En 2023, le bail pour la ferme n’est pas renouvelé et les Cretegny perdent l’exploitation. Aujourd’hui, «La Ferme aux Cretegny» se trouve toujours à Bussy-Chardonney, mais dans une autre ferme qui, cette fois, leur appartient. Laurence a quatre fois posé la question aux jeunes s’ils voulaient vraiment rester dans l’agriculture et l’accueil à la ferme, et la réponse a toujours été affirmative. Même si la création de chambres d’hôtes s’avère plus compliquée cette fois car la ferme se trouve en zone agricole et non pas en zone village. Laurence soupire. «Cinq mois d’enquête préalable.» Pour le nouveau projet, il leur est également demandé de calculer les heures que représentent l’agriculture et l’agritourisme, car le revenu généré par ce dernier ne doit pas dépasser le revenu agricole. Tandis que Laurence est tout à fait d’accord avec la restriction à maximum quatre chambres d’hôte permises en zone agricole pour ne pas concurrencer les hôteliers, elle est critique par rapport à la limite du revenu. «Que faire si le revenu provenant de l’agriculture continue de baisser? Faut-il abandonner la ferme et s’inscrire au chômage? Il faut que le politique comprenne ces réalités du terrain!» L’ancienne syndique de Bussy-Chardonney, élue avec brio au Grand Conseil vaudois, est bien placée pour les expliquer, ces réalités. En politique aussi, elle aspire à créer le lien entre la ville et la campagne, à sensibiliser pour la situation du monde rural. Son mandant au TCS Vaud, à travers lequel elle milite pour une mobilité mixte qui répond aussi aux besoins des personnes qui ne peuvent pas se passer de la voiture, en est la parfaite illustration. L’élargissement des autoroutes, refusé par le peuple suisse? Laurence a fait campagne pour le Oui en insistant sur le manque de sécurité sur des routes aujourd’hui complétement saturées. «Quand on construit des maisons sur des centaines d’hectares de terres agricoles, cela ne semble choquer personne!»  

Arrivée au Rotary  

L’agriculture et la perte de son ancienne exploitation lui ont d’ailleurs ouvert la voie vers le Rotary. «Si j’ai participé plusieurs fois pour des demandes de prises de paroles dans divers groupes du Rotary, on ne m’avait jamais demandé de rejoindre les rangs», se rappelle-t-elle.
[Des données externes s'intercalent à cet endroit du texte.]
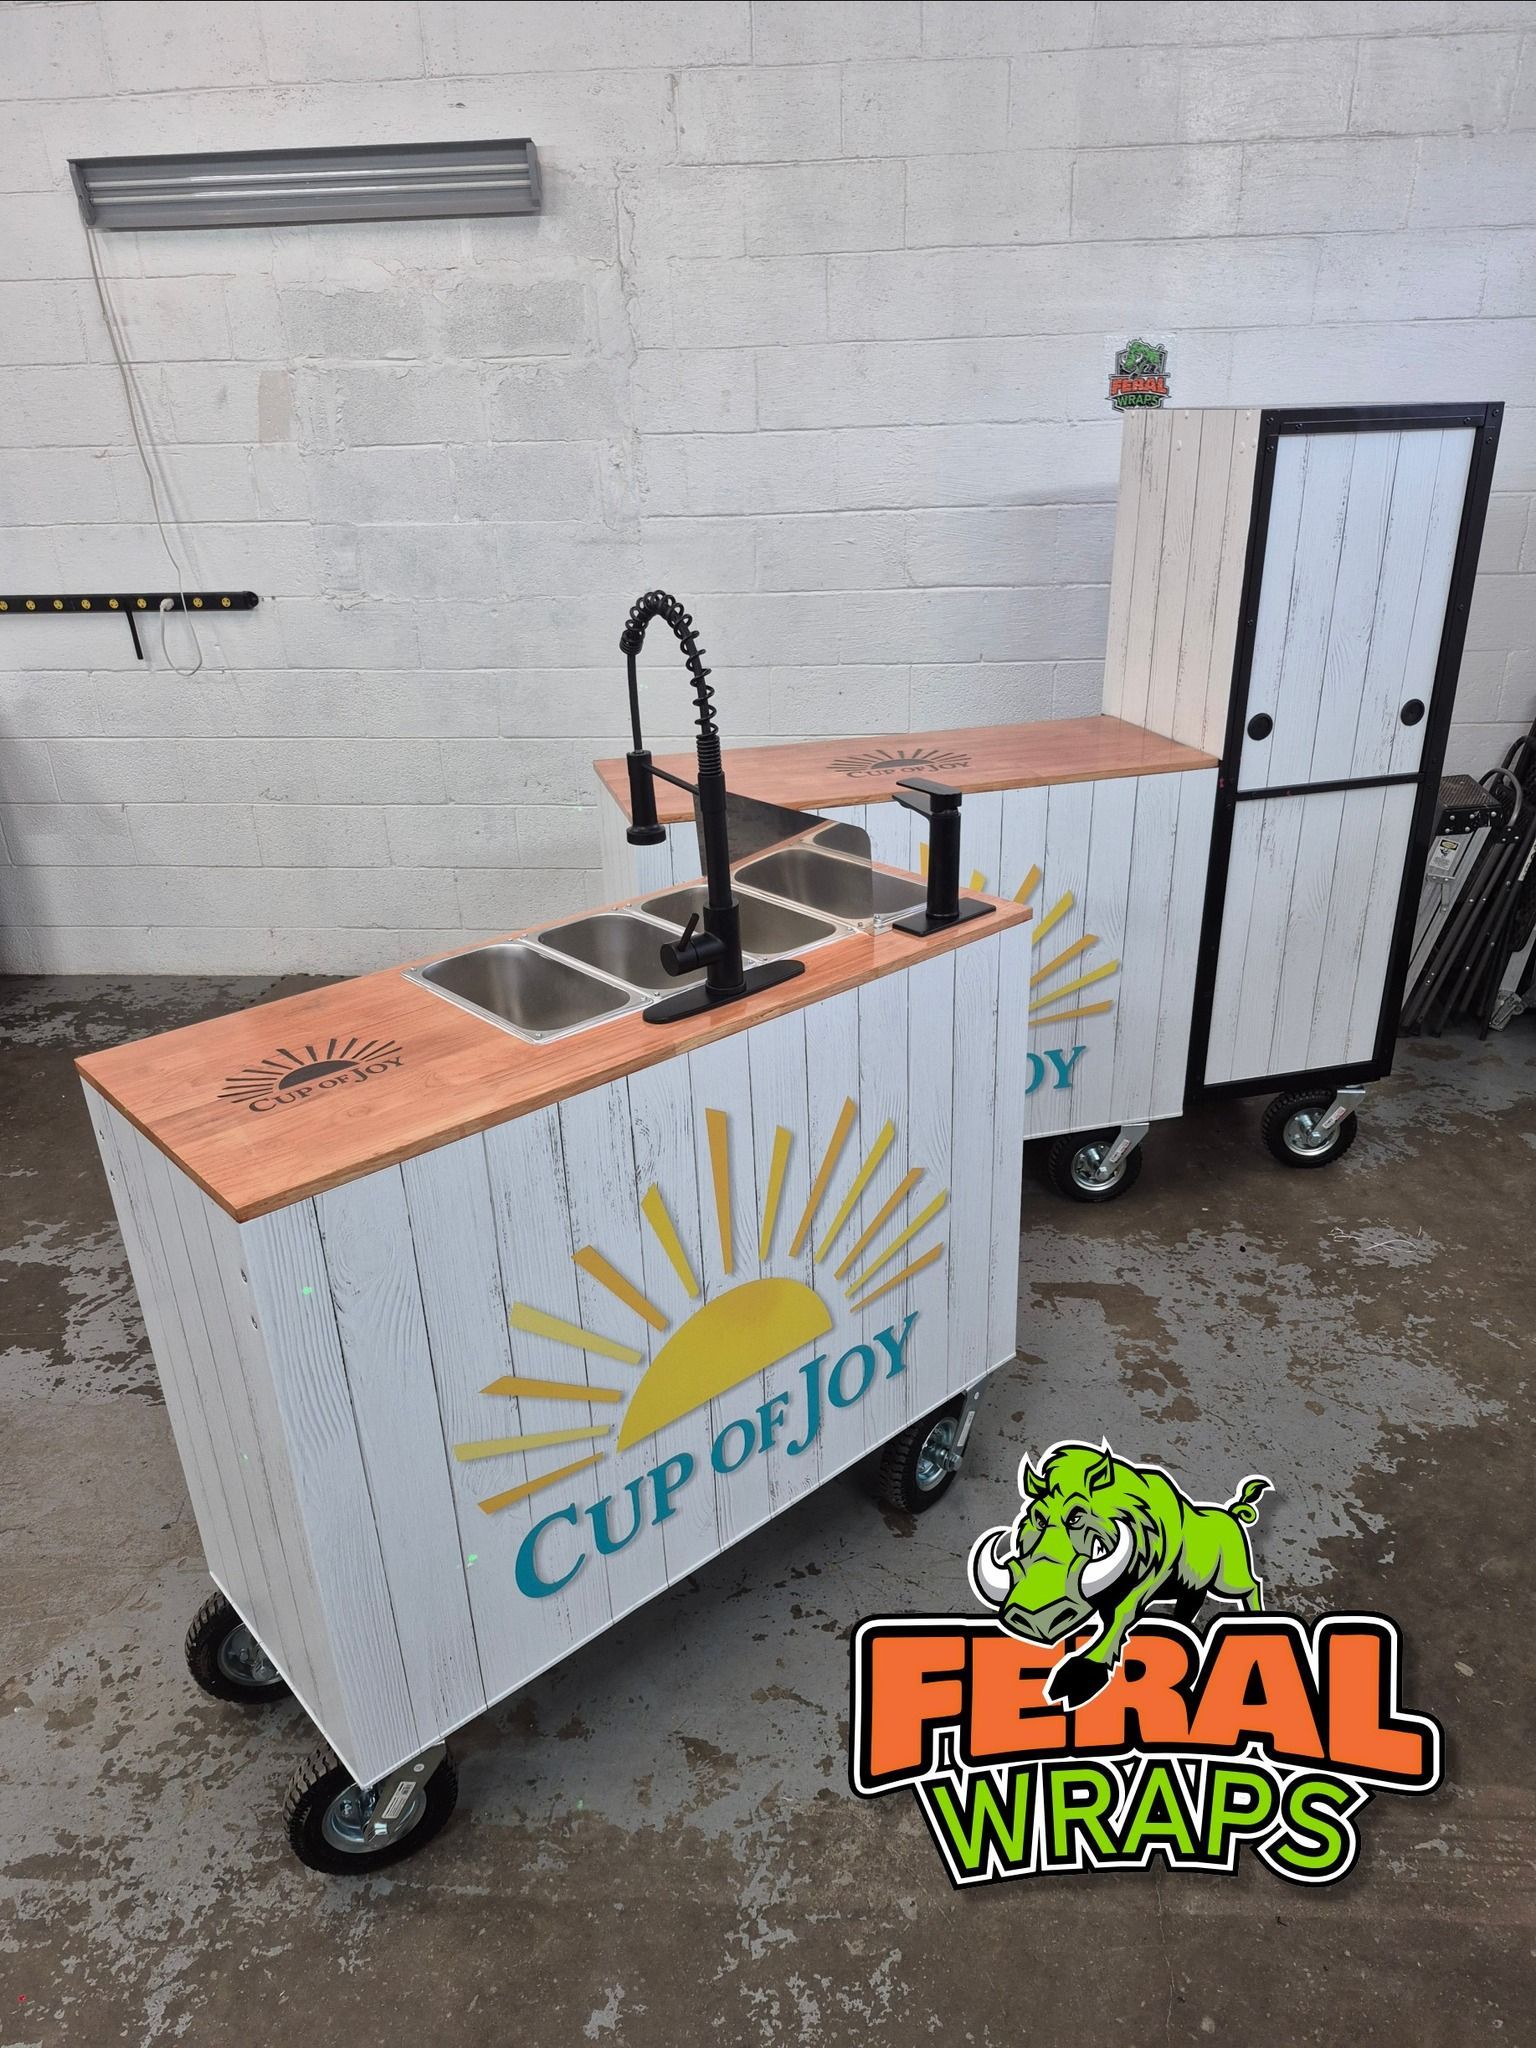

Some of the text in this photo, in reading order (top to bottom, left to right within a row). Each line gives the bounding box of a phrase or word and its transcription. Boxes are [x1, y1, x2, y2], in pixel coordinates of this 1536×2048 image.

Lors de l’édition 2023 du salon de vin Divinum à Morges, un membre du Rotary de St-Sulpice est venu vers elle afin de proposer son aide pour retrouver un domaine. Peu après, il lui a proposé de rejoindre le Rotary. Membre depuis octobre 2024, Laurence n’a pas encore eu l’occasion de participer à des actions, mais se réjouit des soutiens qui sont apportés à des personnes et des institutions dans le besoin par cette organisation dont elle salue grandement l’engagement. L’heure tourne, Laurence doit filer à sa séance du Conseil Synodal. Rajoutons encore qu’à ses heures perdues, la paysanne dont le curriculum déborde de certificats et d’expériences, met en scène une Revue de la région, joue du théâtre, fait de l’attelage et propose un service traiteur à deux laiteries-fromageries. Mais là, hop, elle quitte la pizzeria à Morges, toujours son sourire aux lèvres, pour être à l’heure du prochain rendez-vous. 

L’agritourisme en Suisse

Pendant la pandémie de Covid, la demande de séjours à la ferme a atteint des sommets. Les hôtes recherchaient la nature et la tranquillité, loin des foules: c'est ce qu'explique Andreas Allenspach, directeur d'Agritourisme Suisse, l'organisation faîtière des offres de tourisme rural. Aujourd'hui, les hébergements plus simples, comme dormir sur la paille, sont moins demandés, au profit d'offres innovantes et luxueuses. Par exemple, les nuitées dans des cabanes dans les arbres, qui coûtent facilement 180 francs par personne et par nuit, sont réservées six mois à l'avance.

Malgré les notes maximales attribuées par les clients, l'agritourisme reste un produit de niche. Selon M. Allenspach, cela est également dû à la loi stricte sur l'aménagement du territoire en Suisse, qui n'autorise que 100 m² pour l'utilisation touristique, y compris les places de parking, le coin barbecue et l'aire de jeux. L'organisation faîtière s'engage donc en faveur d'un assouplissement de ces réglementations. Dans les pays voisins, l'agritourisme peut être pratiqué comme activité principale, alors qu'en Suisse, il ne peut être qu'une activité complémentaire. Pour plus d'informations, consultez le site www.myfarm.ch.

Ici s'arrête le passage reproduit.